Originally posted by: SystemAdmin
Hello,
There is no direct way to get this area under CumulFunction in CP Optimizer.
You could approximate this tank overflow by partitioning the schedule horizon into a set of contiguous time windows Aj=[Sj,Ej] and use an expression that measures the peak usage of the tank over the (fixed) time window Aj. For doing that you can introduce one interval variables aj for each time window Aj (with fixed start and end value) that contributes with a pulse of variable height hj and represents the "free" amount of tank assuming a max capacity Q (much bigger than the actual capacity C). The objective will be related with maximizing this free level. The peak tank level over Aj will be (Q-hj) and the max overflow over Aj will be max((Q-hj),C).
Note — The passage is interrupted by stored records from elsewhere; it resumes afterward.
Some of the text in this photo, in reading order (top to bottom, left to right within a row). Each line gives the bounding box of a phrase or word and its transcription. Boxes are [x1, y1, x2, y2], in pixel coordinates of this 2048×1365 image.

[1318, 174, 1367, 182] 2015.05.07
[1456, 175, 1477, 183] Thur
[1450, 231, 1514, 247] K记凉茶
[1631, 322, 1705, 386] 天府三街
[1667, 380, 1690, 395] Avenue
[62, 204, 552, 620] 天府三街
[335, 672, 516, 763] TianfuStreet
Pseudocode w[i]: interval variables
p: cum function (fixed) for input in tank
z: cum function for withdrawn volume
ui: cum function for unconstrained inventory
a[j]: interval variables for time-windows (fixed start S[j] and end E[j])
h[j]: integer expression, height of contribution of intervals a[j]
C: capacity of tank
Q: large integer
f: cumul function measuring the "free" reservoir level under Q
u: cum function for measuring peak usage
z = sum_i step(w[i])*s
ui = i0 + p - z
f = sum_j pulse(a[j],0,Q-C)
h[j] = heightAtStart(f,a[j]); // <=Q-C so C<=Q-hj
u = ui + f
u <= Q;
objective (upper bound on the actual objective): sum_j (Ej-Sj)*(Q-h[j])
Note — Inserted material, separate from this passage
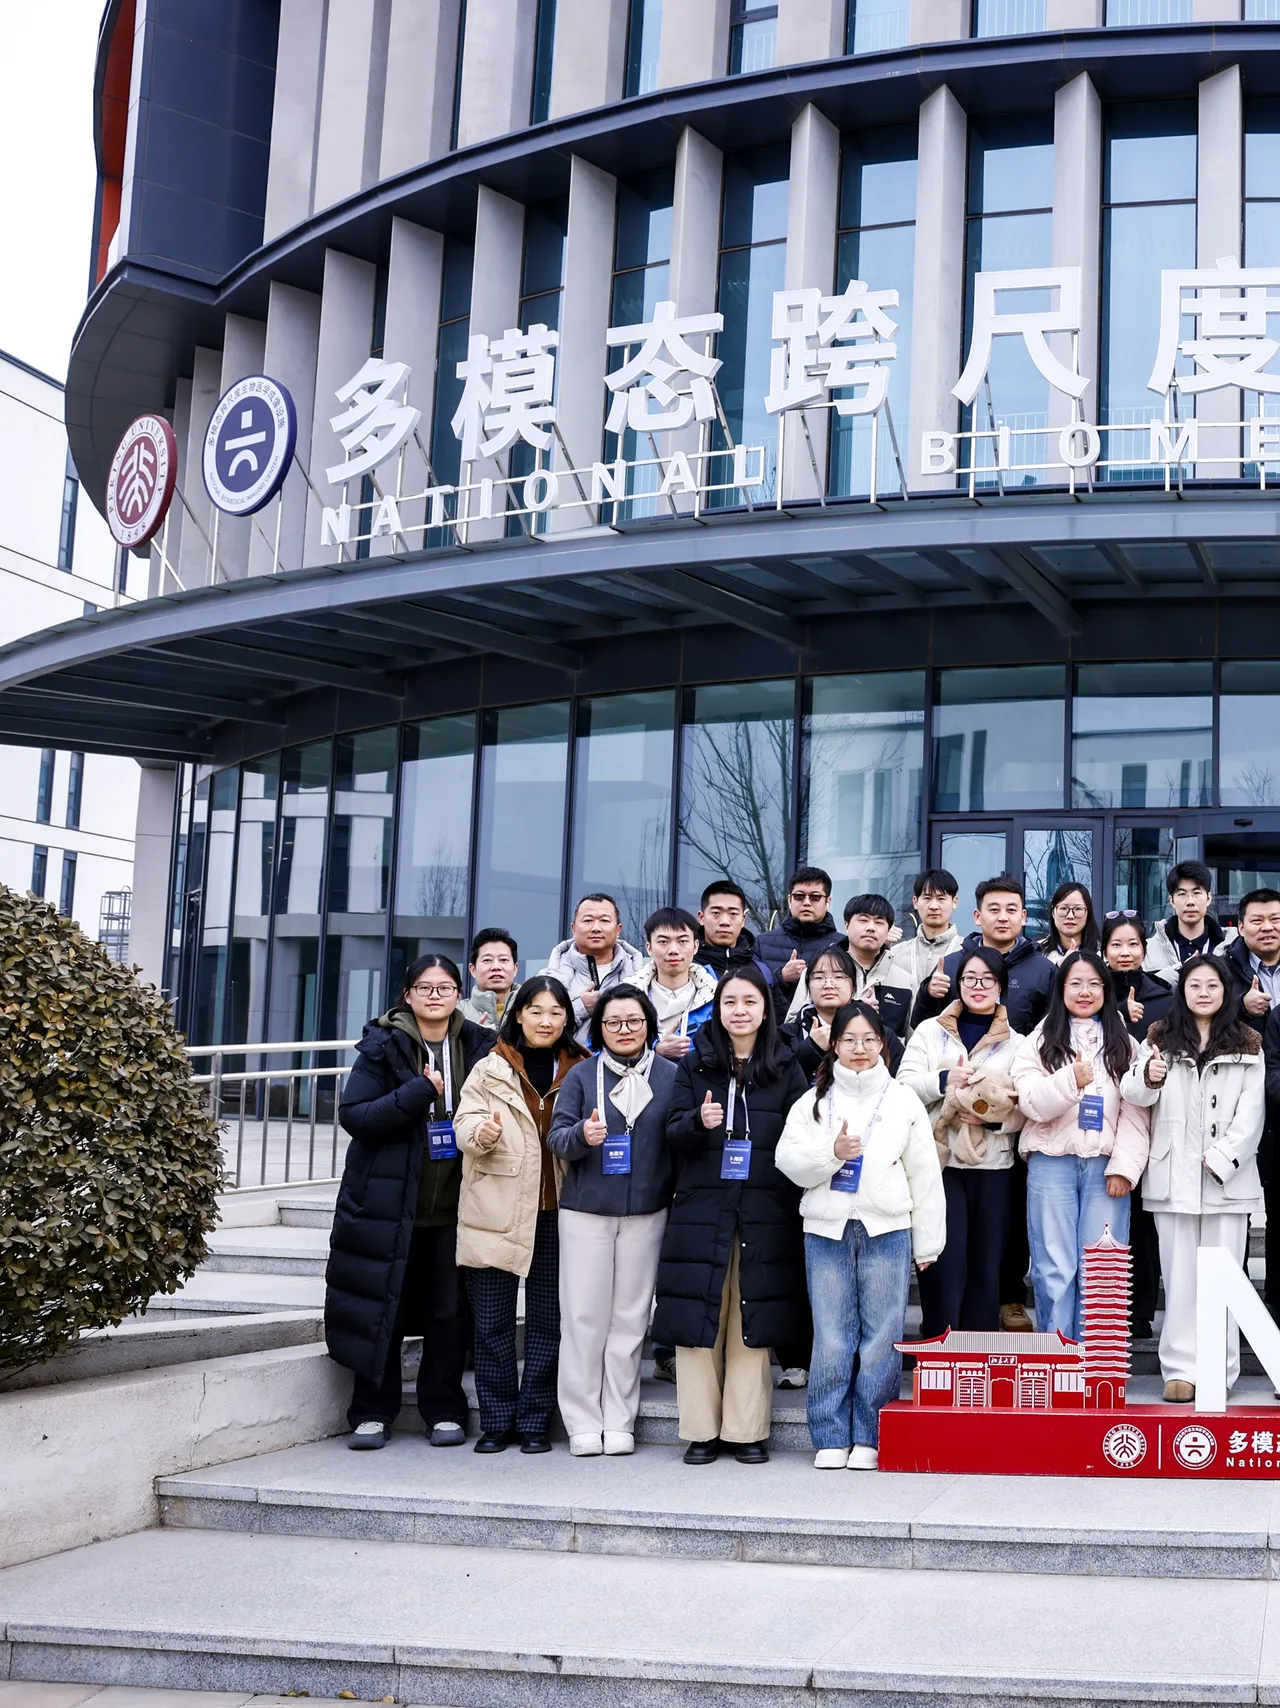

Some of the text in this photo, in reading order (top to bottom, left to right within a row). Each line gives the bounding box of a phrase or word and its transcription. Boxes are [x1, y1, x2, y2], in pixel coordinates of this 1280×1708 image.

[108, 419, 167, 514] PEKING UNIVERSITY
[321, 445, 767, 547] NATIONAL
If you would introduce one interval a[j] per time unit (Ej-Sj=1), then you would get the exact objective. But of course that would introduce a huge number of decision variables (the heights h[j]).
This being said, I'm not expecting CP Optimizer to behave very well on this type of problem. These types of problems are often handled in two steps: a planning steps that roughtly allocates the activities to some time-buckets in order to balance the tank usage (and here, minimize tank overflow) followed by a detailed scheduling step that tries to schedule the activities in (or as close as possible to) the time-bucket they were allocated to and this steps handles more detailed scheduling constraints and objectives on the tasks. The CPLEX algorithm is particularly well adapted for the first step, whereas CP Optimizer is more adapted to the detailed scheduling step.